The next critical application in cement production is a coal mill, also known as a coal pulverizer or coal grinder. A coal mill is used for grinding coal into coal powder and supplying it to the kiln and calciner units. The most common types of coal mills in cement manufacturing are vertical roller mills and air-swept ball mills. Since kilns utilize large amounts of coal powder as fuel to support cement production, coal mills have to run continuously and reliably.
However, components such as rotary feeder, classifier, and seal air fans are prone to wear-tear and mechanical faults which could disrupt the coal mill’s functioning. Bearing and gearbox defects in the mill can result in as much as 56 hours of unplanned production downtime. With real-time condition monitoring on 32 bearing locations and vibration analysis to diagnose equipment faults, strong maintenance contingency plans can be installed in place to avoid such costly process failures.
Shaft and rotary kilns are the most commonly used type of kiln applications in the cement industry.
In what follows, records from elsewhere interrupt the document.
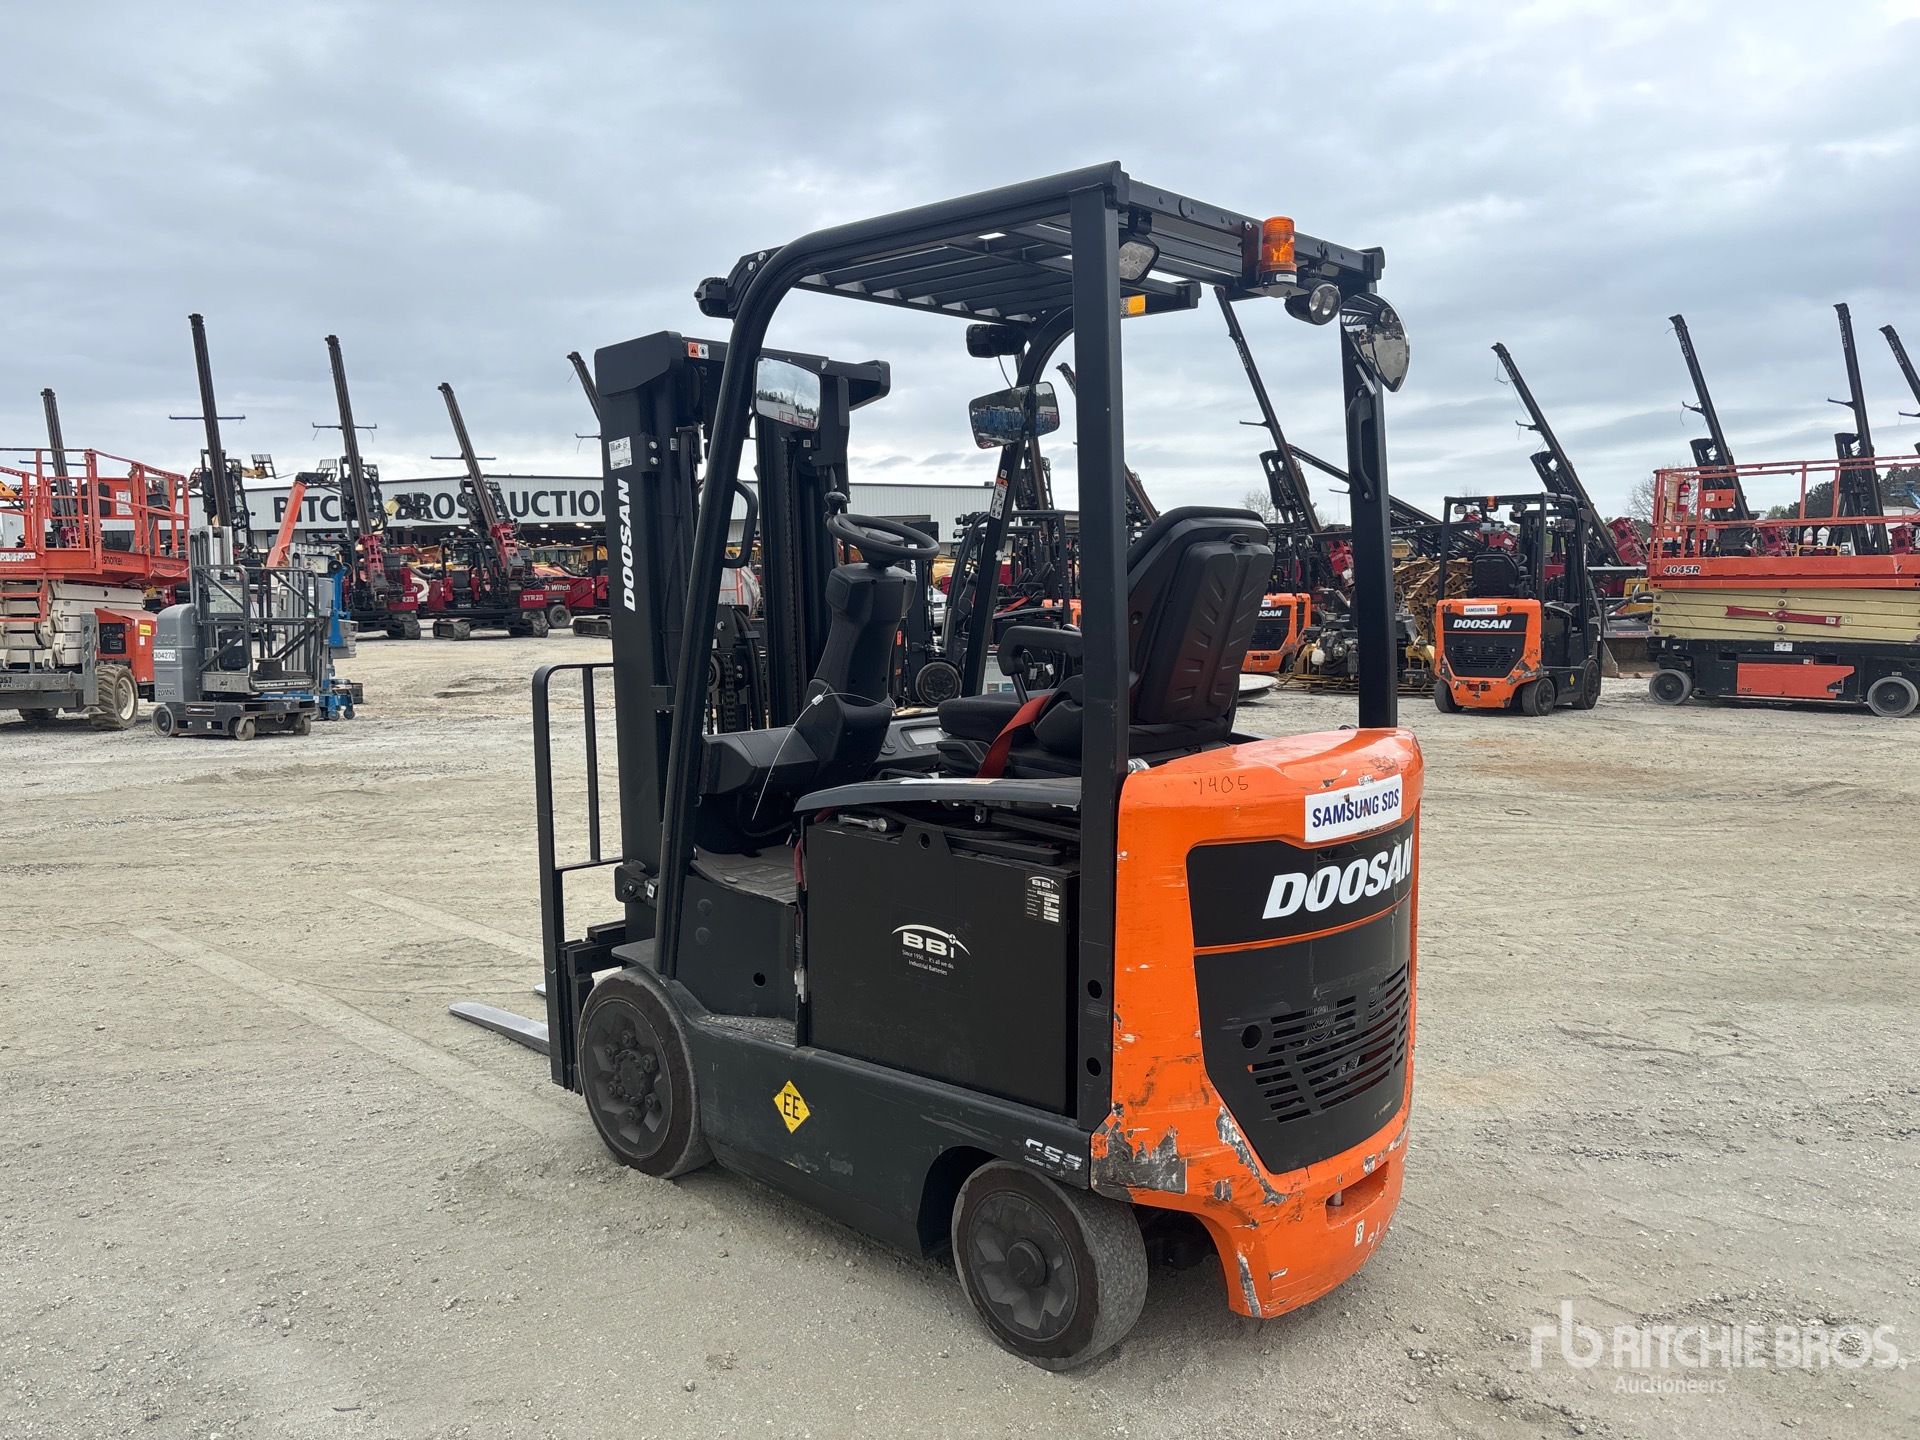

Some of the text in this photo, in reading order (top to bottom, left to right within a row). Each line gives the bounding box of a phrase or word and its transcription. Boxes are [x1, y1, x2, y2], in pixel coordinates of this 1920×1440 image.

[617, 478, 636, 612] DOOSAN
[1663, 565, 1701, 574] 4045R
[1453, 619, 1512, 629] DOOSAN
[154, 652, 175, 660] 304270
[1312, 788, 1400, 828] SAMSUNG SDS
[1262, 833, 1414, 920] DOOSAN
[901, 949, 913, 958] Since
[908, 959, 947, 976] Industrial Batteries
[783, 1092, 801, 1121] EE
Kilns are responsible for creating very high temperatures (1500 ⁰C) in an insulated environment to facilitate chemical and physical reactions between raw material components. As a complex machine group, it has critical machines working in continuum such as PH (pre-heater) fans, kiln feeder elevators, calciners, and cooling fans.
Drive misalignment in the kiln feeder bucket elevators can result in 12 hours of production downtime, whereas faults like gear mesh and incorrect clearance can cause up to 16 hours of downtime. Similarly, calciner string fans can repeatedly break down due to product build-up on impellers and lead to over 10 hours of downtime. Unbalance and misalignment in PH fans due to self-coating can also halt production for up to 8 hours.
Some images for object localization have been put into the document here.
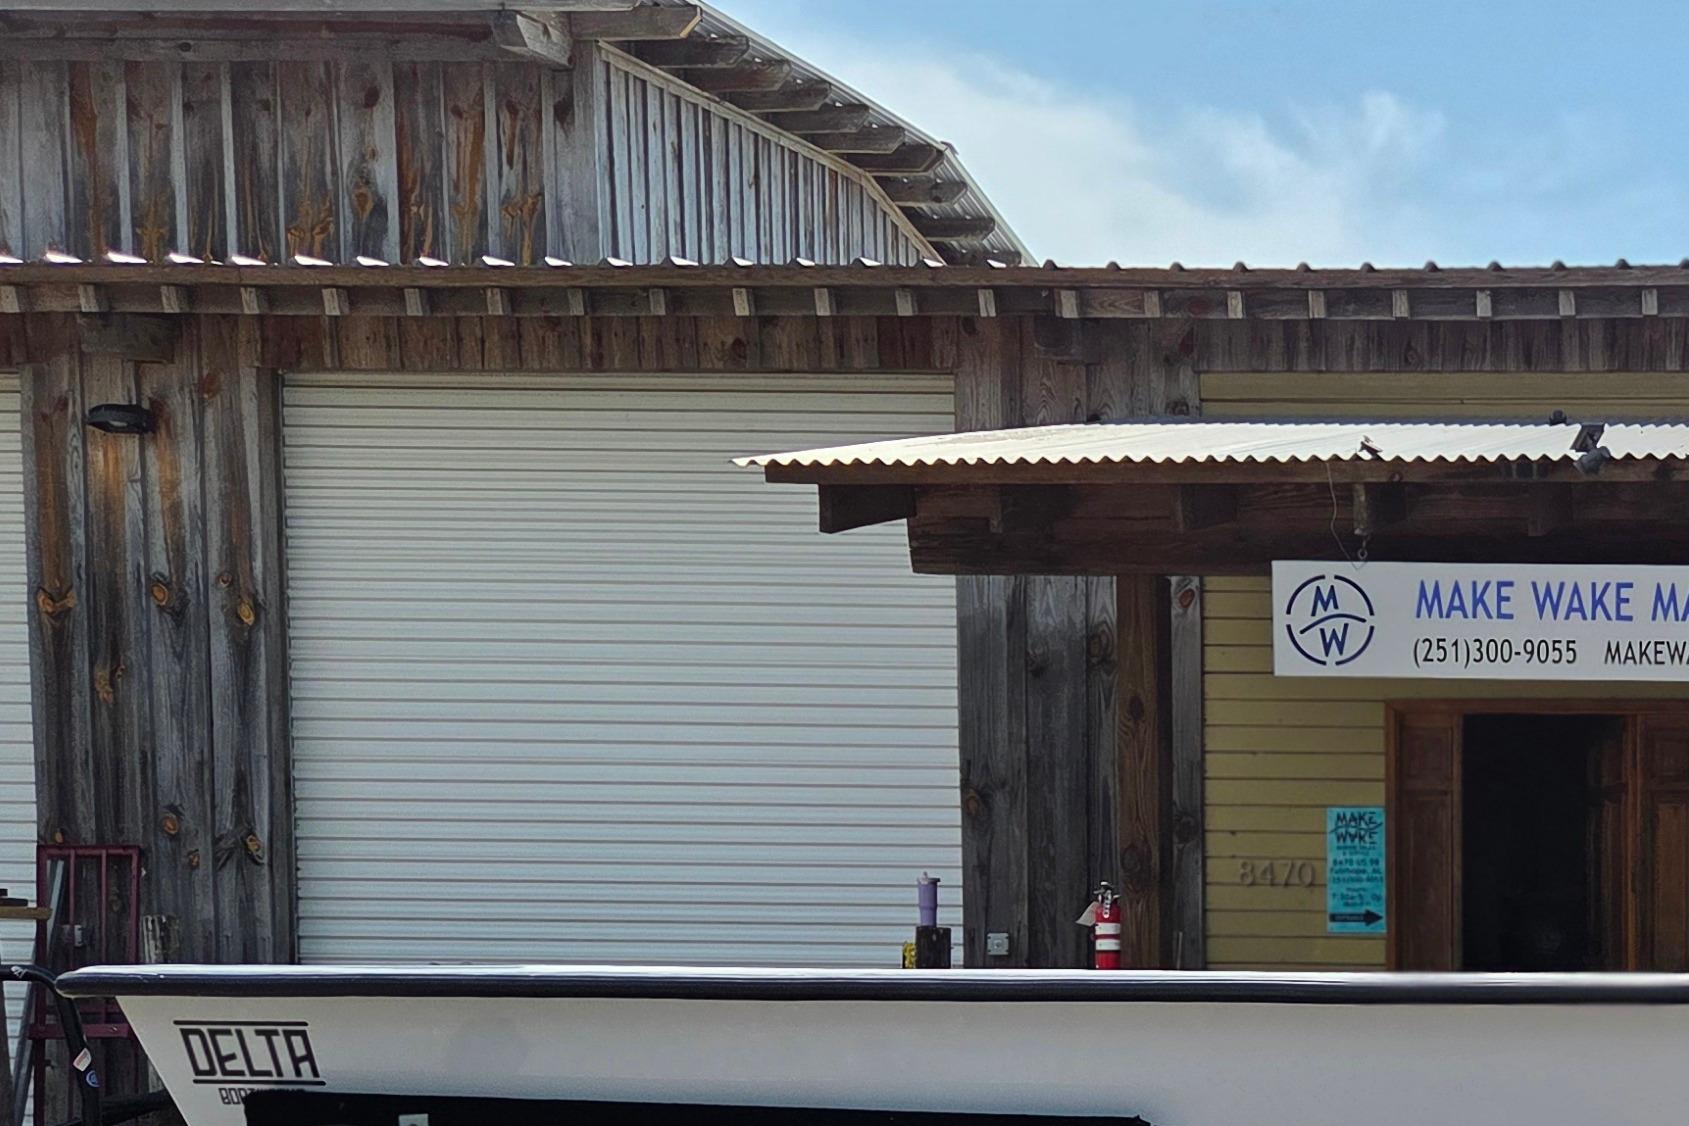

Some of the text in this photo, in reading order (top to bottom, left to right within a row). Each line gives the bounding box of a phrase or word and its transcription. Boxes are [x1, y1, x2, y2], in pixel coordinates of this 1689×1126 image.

[1416, 580, 1515, 620] MAKE
[1531, 581, 1634, 622] WAKE
[1413, 637, 1578, 668] (251)300-9055
[1239, 860, 1316, 889] 8470
[179, 1028, 320, 1078] DELTA
Through a predictive maintenance approach, over 102 monitoring locations can be digitized within the kiln section to provide real-time machine health information to the maintenance teams. Faults can be detected in advance with data-backed insights about corrective actions to facilitate maintenance events.
The nodular clinker generated in the kiln is then transferred to the cement mill, wherein with the help of vertical roller mills, roller press, and ball mill, it is converted into the powder form of cement. Bearing and coupling faults in the gearbox of a cement mill can halt the cement plant production for up to 3 days. At the same time, structural looseness and misalignment in mill components can lead to nearly 30 hours of production downtime.
To avoid such costly process disruption, cement mill conditions can be monitored in real-time by digitizing over 44 bearing points. Advanced edge diagnostics and predictive analytics can alert maintenance teams about existing and potential machine faults and support informed OEM investigations.
In addition to the aforementioned applications, cement plants also have:
● Packaging units
● Crusher area
● Dust collector fans
● BPC conveyor belts
● Bucket elevators
All these assets operate in tandem to form a complex production environment. Optimal asset management can’t rely on offline or manual monitoring practices and preventive maintenance strategies. In fact, these could lead to safety hazards and gradual deterioration of plant assets with depletion of remaining useful life (RUL).